Application workflow

We'll follow the same procedure to learn about each of the GAE data storage options; this will give you the opportunity to focus on the technology, and also compare the pros and cons of each storage method. The application workflow will be the same every time:

  1. Display an upload form.
  2. Upload an image to storage and save a record to the datastore.
  3. Serve up the image.

Figure 1 is a diagram of the application workflow:

Figure 1. The three-step workflow used to demonstrate each storage option
A diagram of the GAE data storage example application.

As an added benefit, the example application also lets you practice tasks that are key to any GAE project that writes out and serves up binaries. Now, let's start creating those classes!


A simple application for GAE

Download Eclipse if you don't have it, then install the Google Plug-in for Eclipse and create a new Google Web Application project that doesn't use GWT. Refer to the sample code included with this article for guidance on structuring project files.
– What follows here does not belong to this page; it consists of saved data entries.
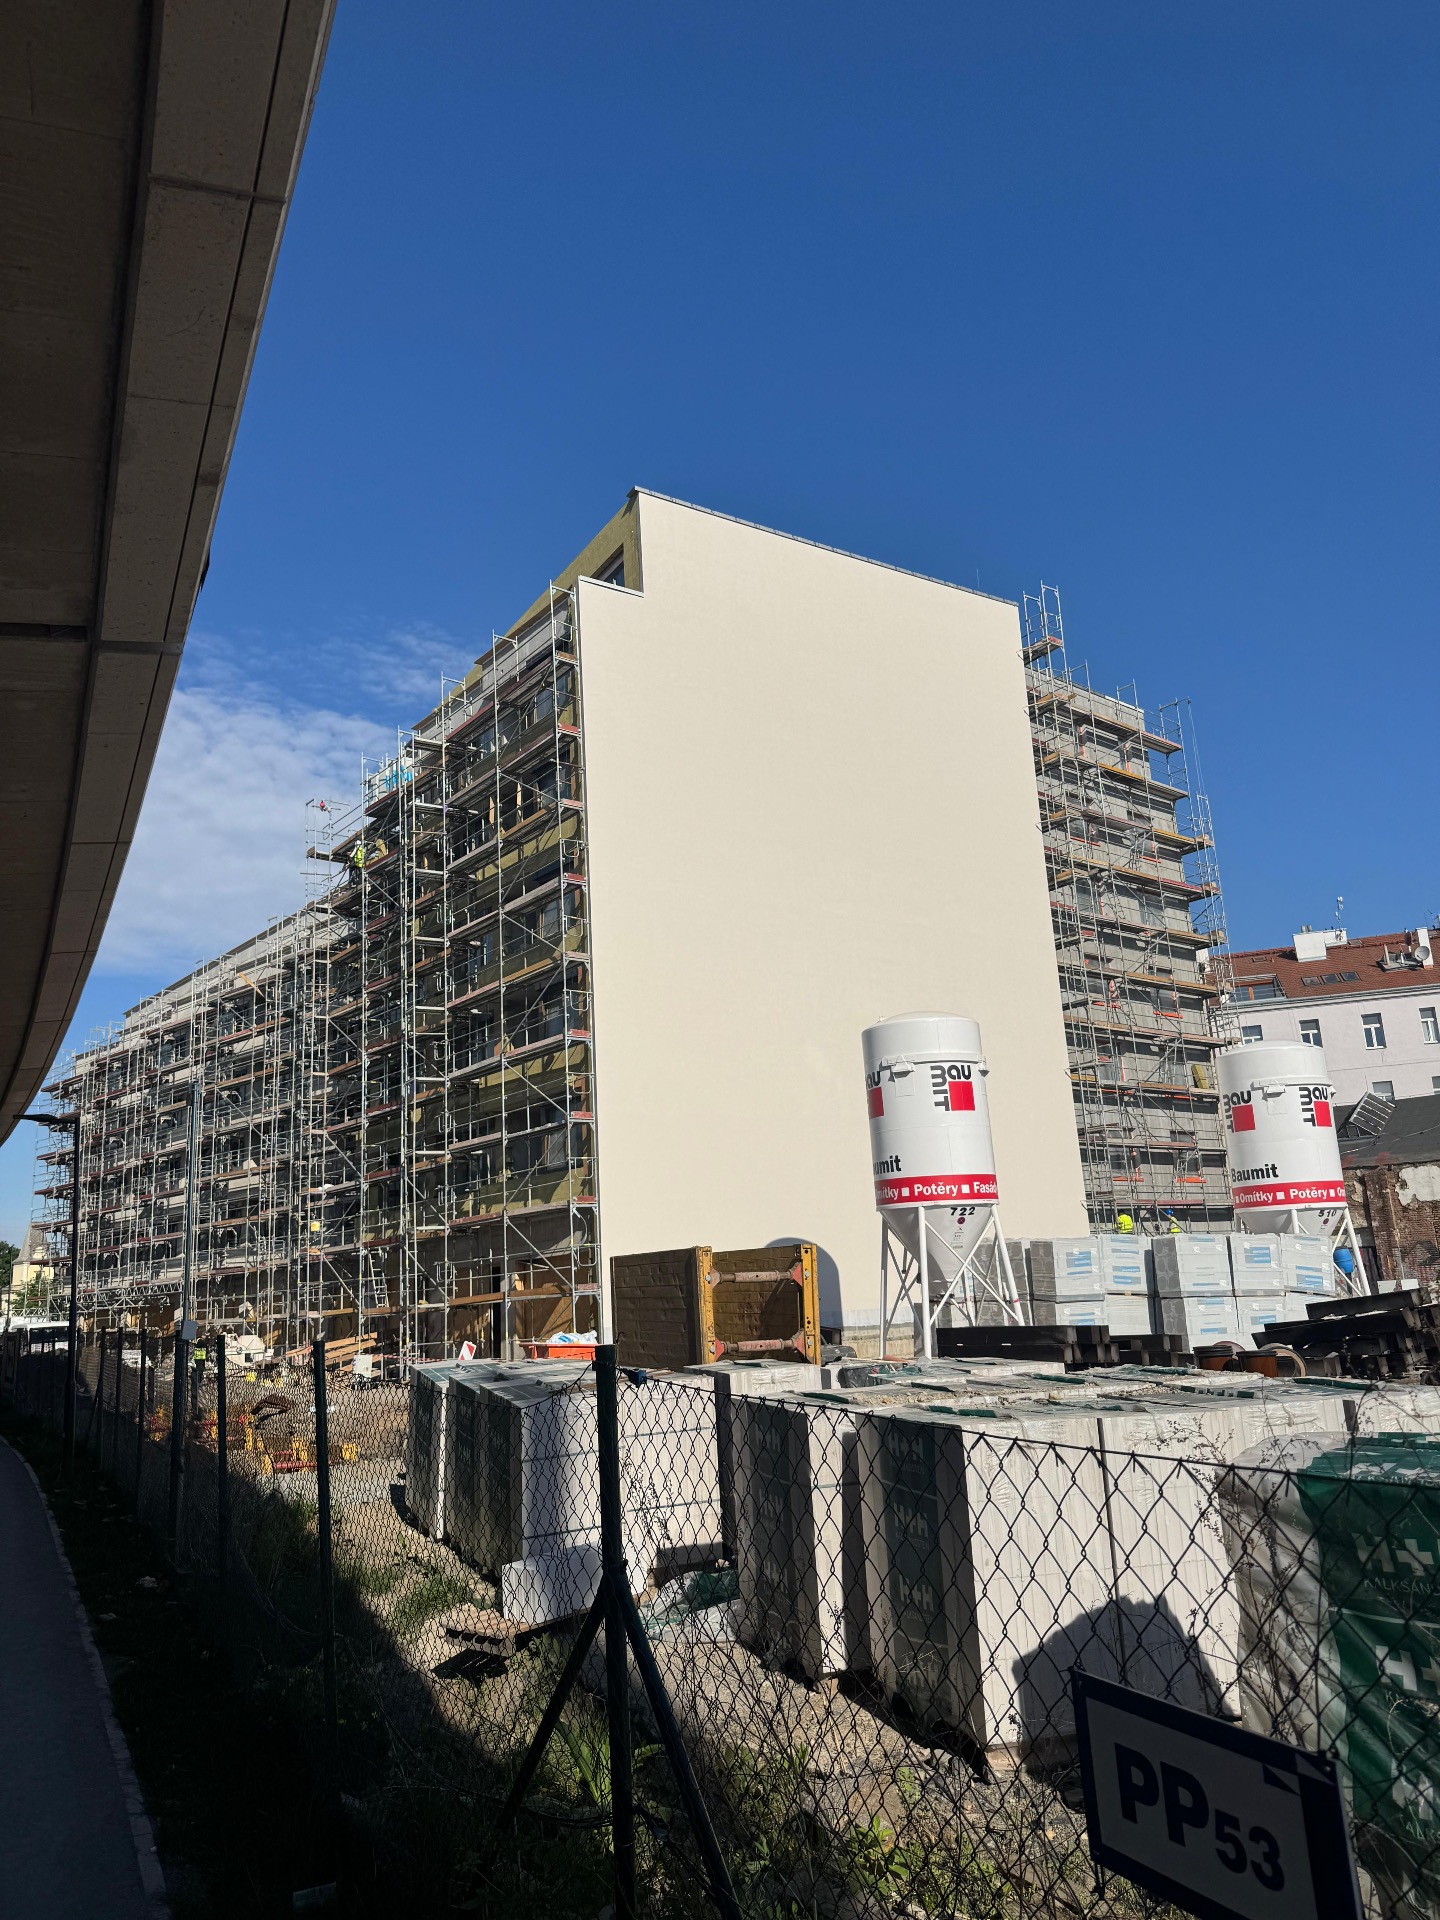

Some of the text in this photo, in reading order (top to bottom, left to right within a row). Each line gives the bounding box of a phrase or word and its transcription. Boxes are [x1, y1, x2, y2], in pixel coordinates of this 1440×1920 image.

[1231, 1163, 1279, 1182] Baumit
[914, 1182, 958, 1197] Potěry
[1240, 1190, 1273, 1203] Omítky
[1289, 1187, 1327, 1199] Potěry
[950, 1207, 976, 1216] 722
[1318, 1209, 1337, 1217] 510
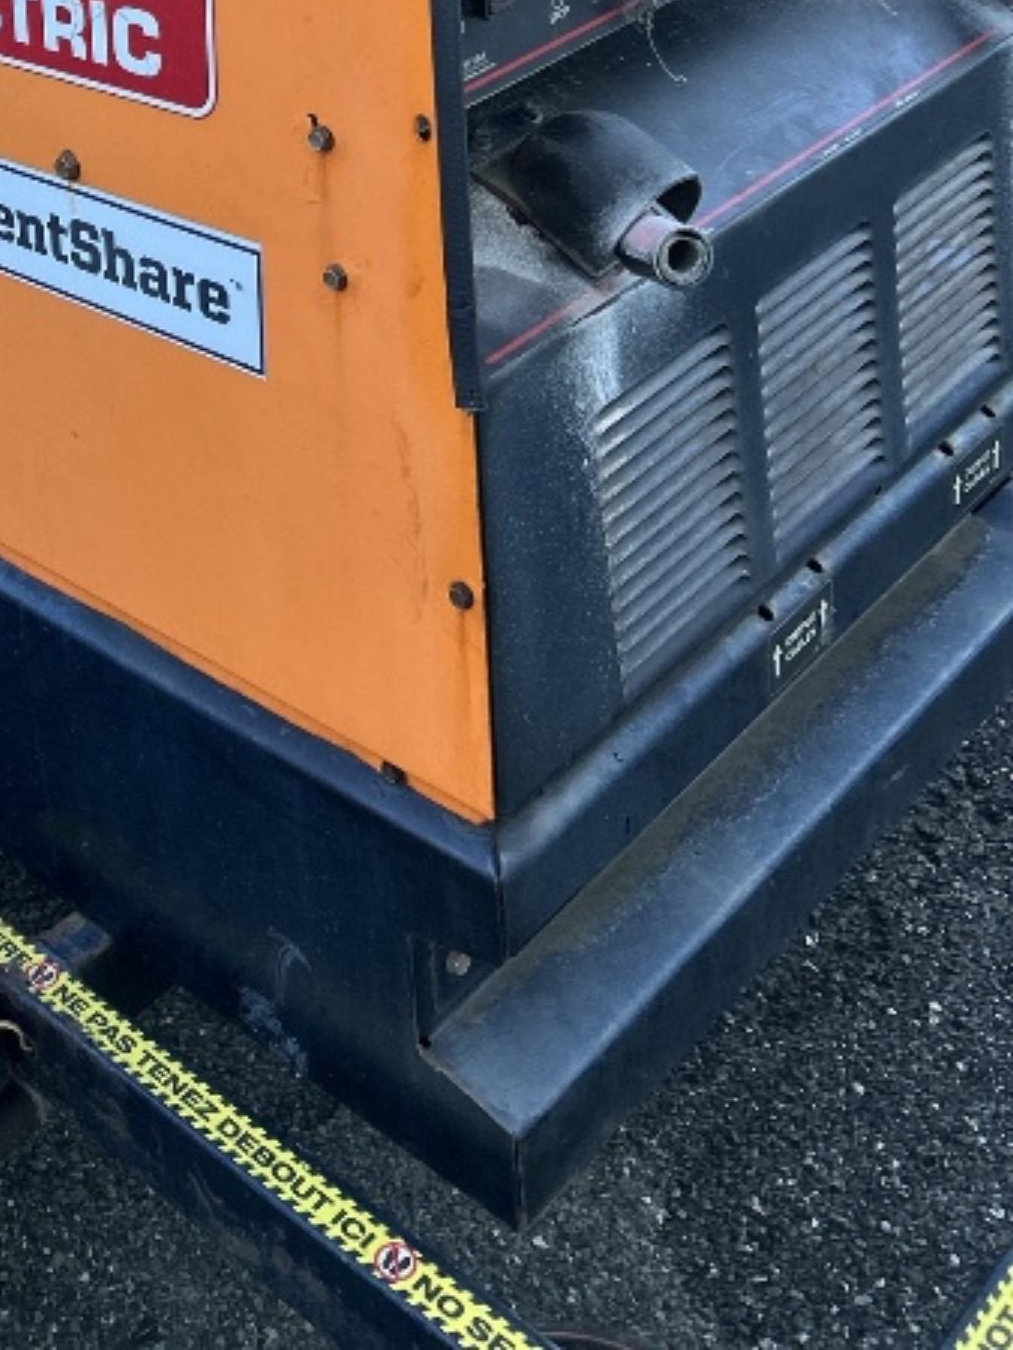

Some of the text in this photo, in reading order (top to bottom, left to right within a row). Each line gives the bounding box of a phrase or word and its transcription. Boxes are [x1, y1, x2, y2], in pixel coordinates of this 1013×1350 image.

[52, 983, 90, 1019] NE
[87, 1011, 138, 1055] PAS
[136, 1048, 221, 1122] TENEZ
[215, 1116, 336, 1218] DEBOUT
[332, 1211, 376, 1251] ICI
[411, 1274, 466, 1320] NO
Once you've got your Google Web app set up, add the application's first class, Photo, as shown in Listing 1. (Note that I've omitted getters and setters.)

Listing 1. Photo
import javax.persistence.Id;

public class Photo {

    @Id
    private Long id;
    private String title;
    private String caption;
    private String contentType;
    private byte[] photoData;
    private String photoPath;

    public Photo() {
    }

    public Photo(String title, String caption) {
        this.title = title;
        this.caption = caption;
    }

    // getters and setters omitted
}

The @Id annotation designates which field is a primary key, which will be important when we start working with Objectify. Each record saved in the datastore, also called an entity, requires a primary key. When an image is uploaded, one option is to store it directly in photoData, which is a byte array. It's written to the datastore as a Blob property along with the rest of Photo's fields. In other words, the image is saved and fetched right alongside the bean. If an image is instead uploaded to Blobstore or Google Storage, then bytes are stored externally on that system and photoPath points to their location. Only photoData or photoPath is used in either case. Figure 2 clarifies each one's function:

Figure 2. How photoData and photoPath work
A diagram showing the difference between photoData and photoPath.

Next we'll handle persistence for the bean.

Object-based persistence

As previously mentioned, we'll use Objectify to create a DAO for the Photo bean. While JDO and JPA may be more popular and ubiquitous persistence APIs, they have steeper learning curves. Another option would be to use the low-level GAE datastore API, but that involves the tedious business of marshaling beans to and from datastore entities. Objectify takes care of that for us, by way of Java reflection. (See Resources to learn more about GAE persistence alternatives, including Objectify-Appengine.)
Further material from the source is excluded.